O que torna Recomeço tão valiosa em meio a tantos títulos da gigante do streaming é o seu vasto leque de abrangência narrativa. Embora essencialmente seja uma história de amor intercultural, entre uma artista negra americana e um chef de cozinha italiano, a produção criada por Tembi Locke e Attica Locke (com produção de Reese Witherspoon) transforma este enredo em um alicerce construtivo para abordar as questões mais diversas que permeiam a vida cotidiana, como dilemas profissionais, conflitos familiares, crises existenciais e as coisas costumeiras do dia-a-dia.
Como um genuíno relato da vida real, a produção estrelada por Zöe Saldaña e Eugenio Mastrandrea é como ver as páginas de um diário particular ganhando vida nas telas. O bom, o mal e o feio se entrelaçam em harmonia, confortando a audiência a cada episódio com uma história palpável e identificável sobre como – ao fim de todas as lutas – a graça de Deus sempre resplandece de forma solar e celebrativa. Em meio à dor, Locke encontrou um novo sopro de vida para recomeçar sua jornada e faz da sua vitória um conto leve, emocionante e encorajador, capaz de amolecer até o mais duro dos corações.
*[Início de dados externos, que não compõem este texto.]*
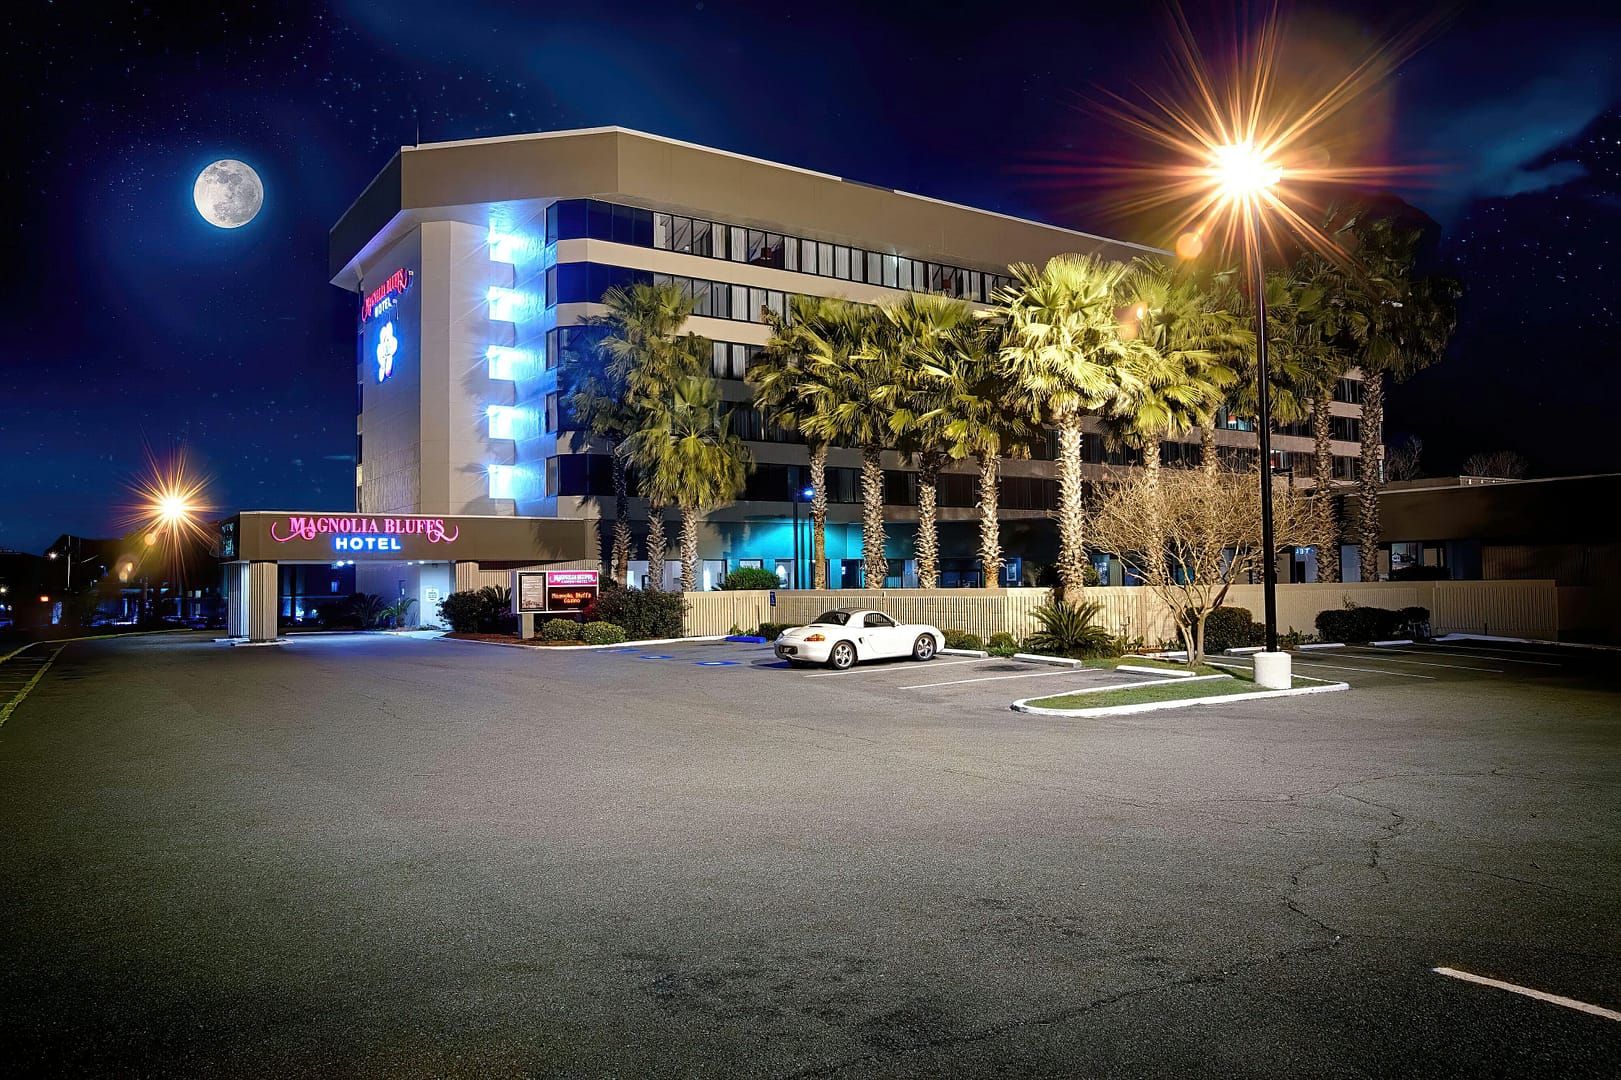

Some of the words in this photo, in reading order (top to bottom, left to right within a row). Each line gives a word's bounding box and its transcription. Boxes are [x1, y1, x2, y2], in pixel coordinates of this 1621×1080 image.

[271, 517, 379, 541] MAGNOLIA
[384, 518, 459, 543] BLUFFS
[335, 537, 401, 550] HOTEL
E ainda que a narrativa muitas vezes beira o dramalhão meloso, isso de forma alguma torna a experiência menos valiosa. Com todos os seus maneirismos e até mesmo estereótipos e caricaturas trazidos às telas, Recomeço consegue nos embalar nos embates e socos de realidade que a vida do casal acaba trazendo, ainda que algumas caracterizações exageradas tornem os protagonistas exaustivos em seus dois primeiros episódios. Mas passado o período introdutório da trama, as irmãs Locke entendem a necessidade de diluir a construção de seus personagens e ao se livrarem das caricatas apresentações, conseguem cruzar a linha que separa uma boa série de uma bem ruim e repetitiva.
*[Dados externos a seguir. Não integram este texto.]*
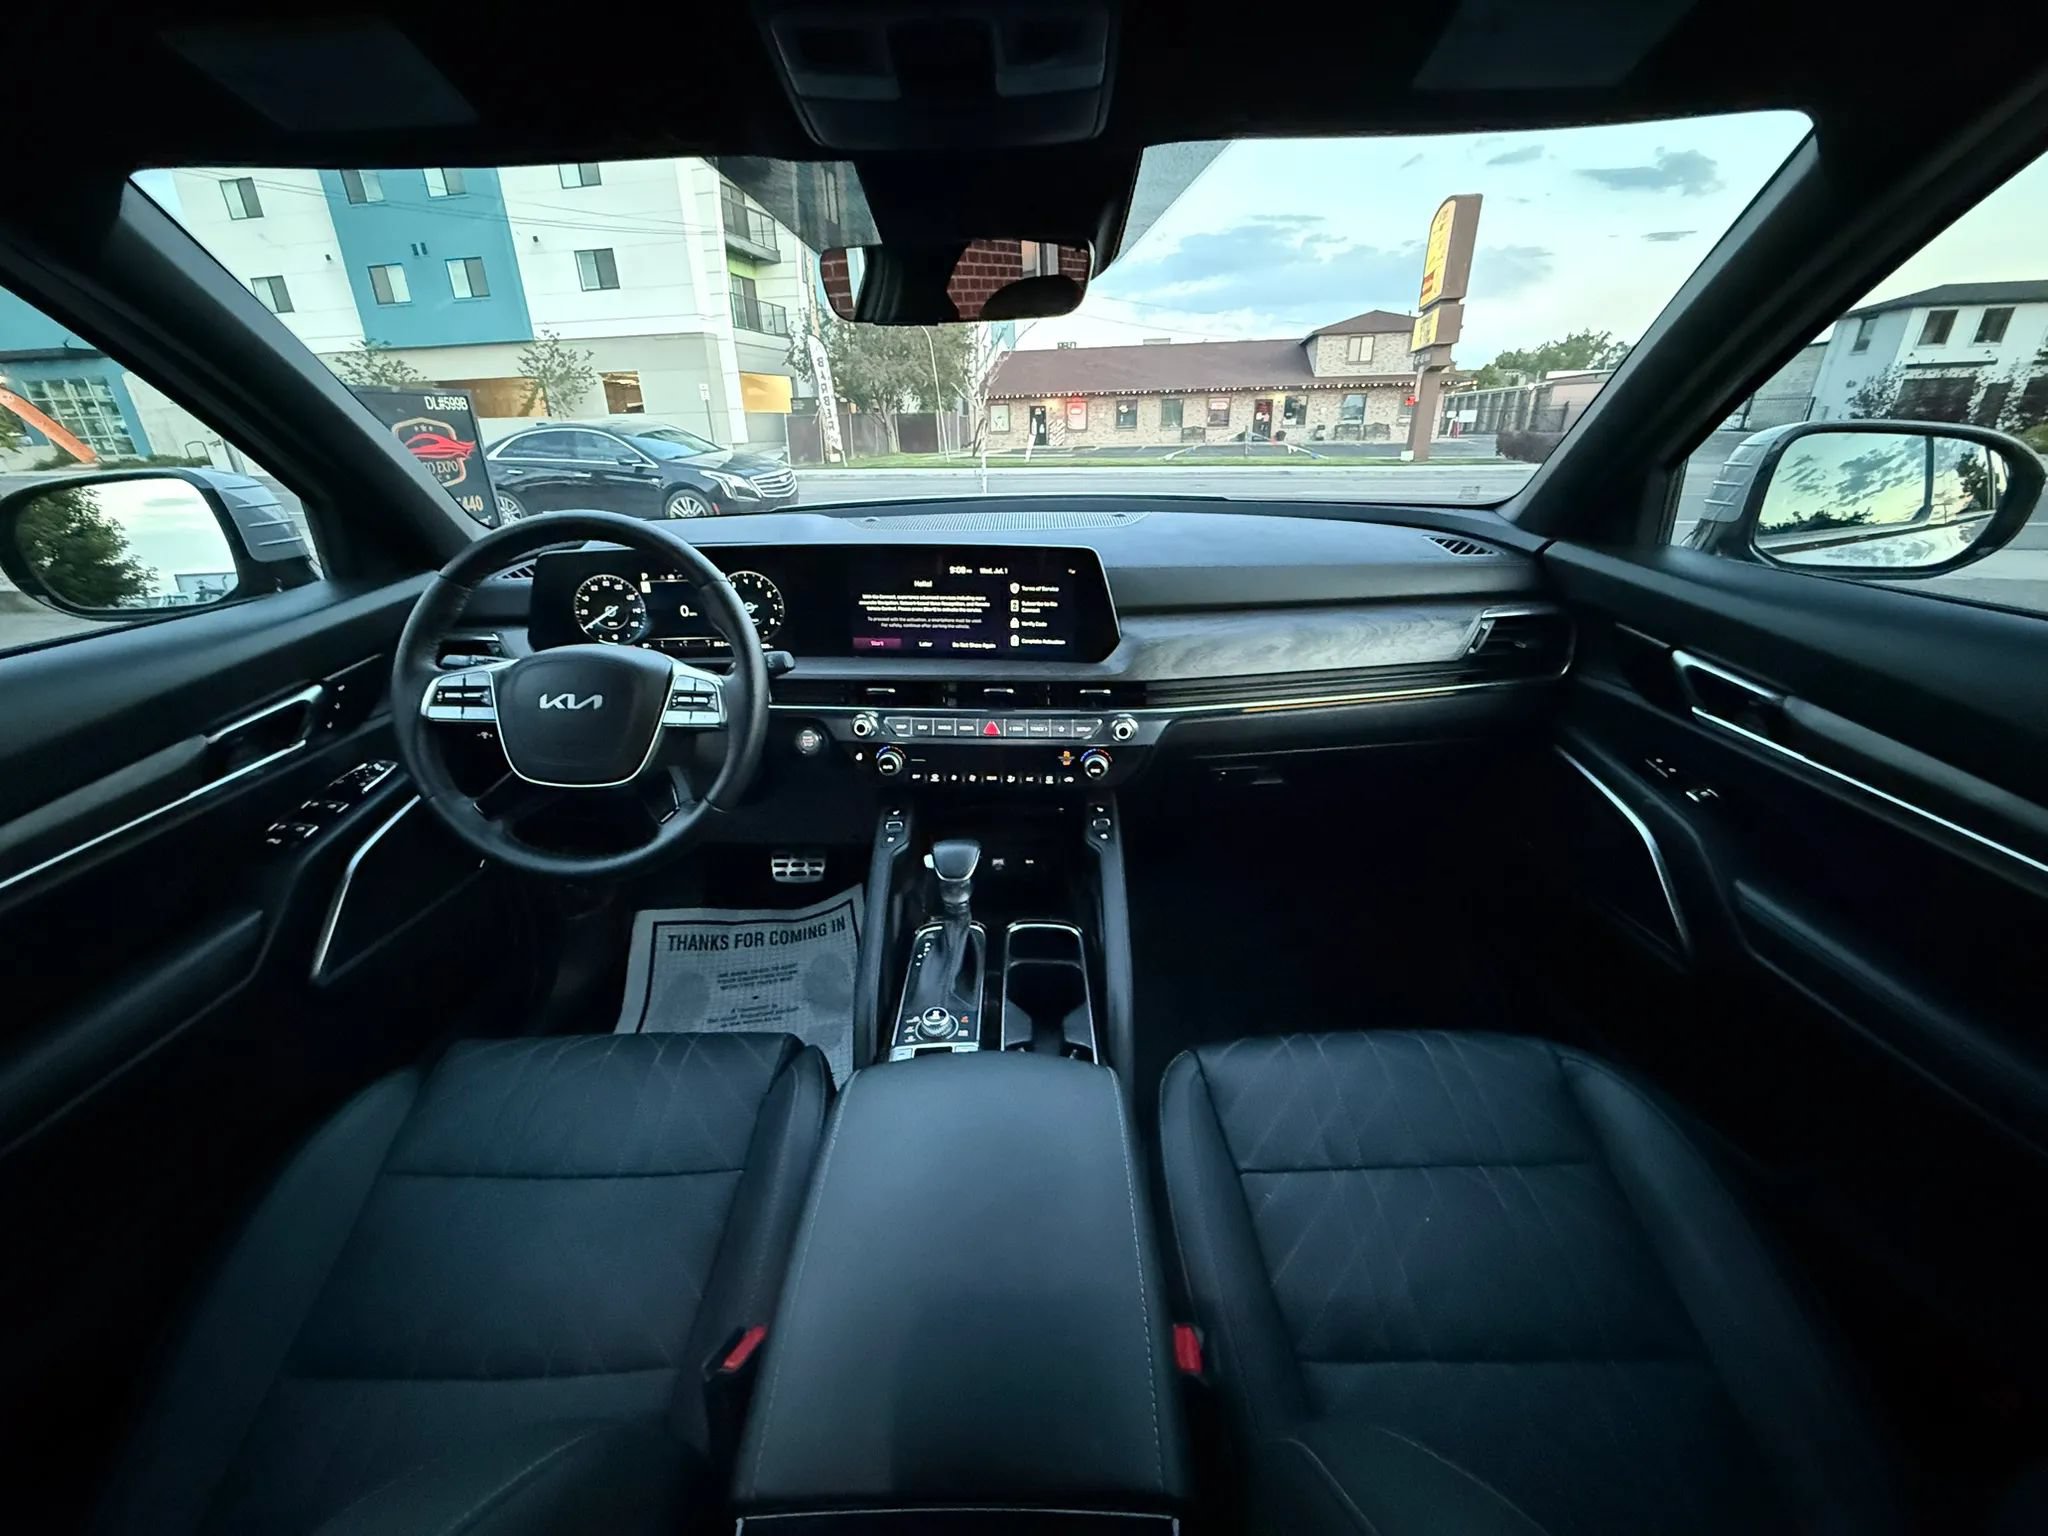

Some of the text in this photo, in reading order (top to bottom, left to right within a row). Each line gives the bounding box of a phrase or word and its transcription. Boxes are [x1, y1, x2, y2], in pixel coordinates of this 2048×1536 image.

[456, 495, 484, 512] 440
[641, 572, 648, 580] P
[680, 605, 689, 617] 0
[668, 916, 846, 952] THANKS FOR COMING IN
Com Zöe Saldaña em uma tocante e sensível performance, a minissérie original da Netflix ainda celebra as diferenças culturais, exalta a gastronomia italiana como um alívio entre as cenas mais dramáticas e consegue evidenciar a culturalidade deste povo, ainda que flerte com alguns estereótipos. Inspiradora e com uma mensagem poderosa sobre família, Recomeço é o tipo de entretenimento que tanto sentimos falta na Netflix. Com algumas referências bíblicas que naturalmente permeiam a construção narrativa, a original do streaming é um fôlego de vida revigorante em meio a tantos partidarismos políticos que inundaram a indústria do entretenimento.